» **Work task**
Your answer must be an exact copy of the entries below, with every picture removed.
>>>>
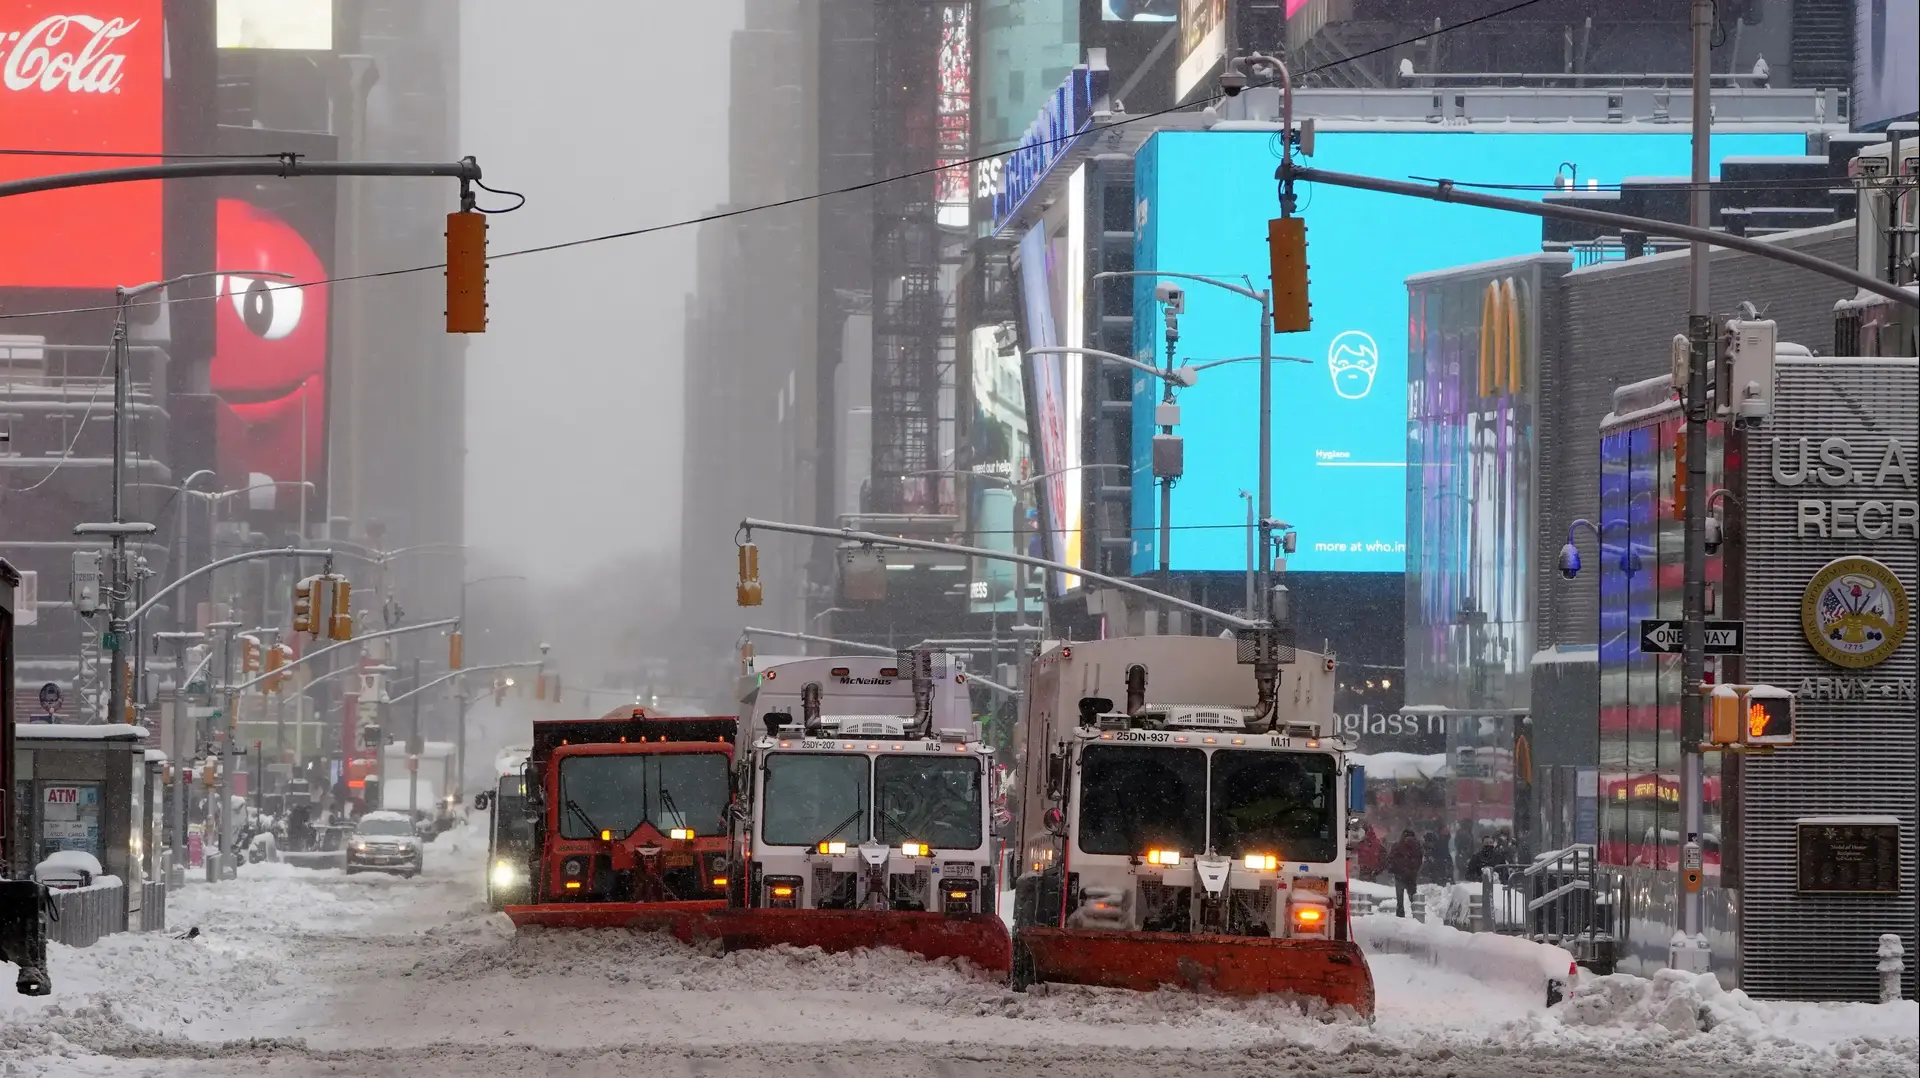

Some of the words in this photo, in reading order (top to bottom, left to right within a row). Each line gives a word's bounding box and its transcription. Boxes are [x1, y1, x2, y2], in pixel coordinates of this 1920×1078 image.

[1771, 437, 1863, 486] U.S.
[1798, 500, 1919, 539] RECR
[1315, 543, 1347, 552] more
[1350, 542, 1361, 552] at
[1656, 631, 1682, 643] ONE
[1796, 677, 1875, 700] ARMY
[1116, 732, 1169, 742] 25DN-937
[1271, 737, 1291, 747] M.11
[802, 741, 835, 749] 25DY-202
[925, 742, 941, 751] M.5
[48, 789, 76, 803] ATM
<<<<
» **Answer box**
Some of the words in this photo, in reading order (top to bottom, left to right within a row). Each line gives a word's bounding box and its transcription. Boxes are [x1, y1, x2, y2], in pixel coordinates of this 1920×1078 image.

[1771, 437, 1863, 486] U.S.
[1798, 500, 1919, 539] RECR
[1315, 543, 1347, 552] more
[1350, 542, 1361, 552] at
[1656, 631, 1682, 643] ONE
[1796, 677, 1875, 700] ARMY
[1116, 732, 1169, 742] 25DN-937
[1271, 737, 1291, 747] M.11
[802, 741, 835, 749] 25DY-202
[925, 742, 941, 751] M.5
[48, 789, 76, 803] ATM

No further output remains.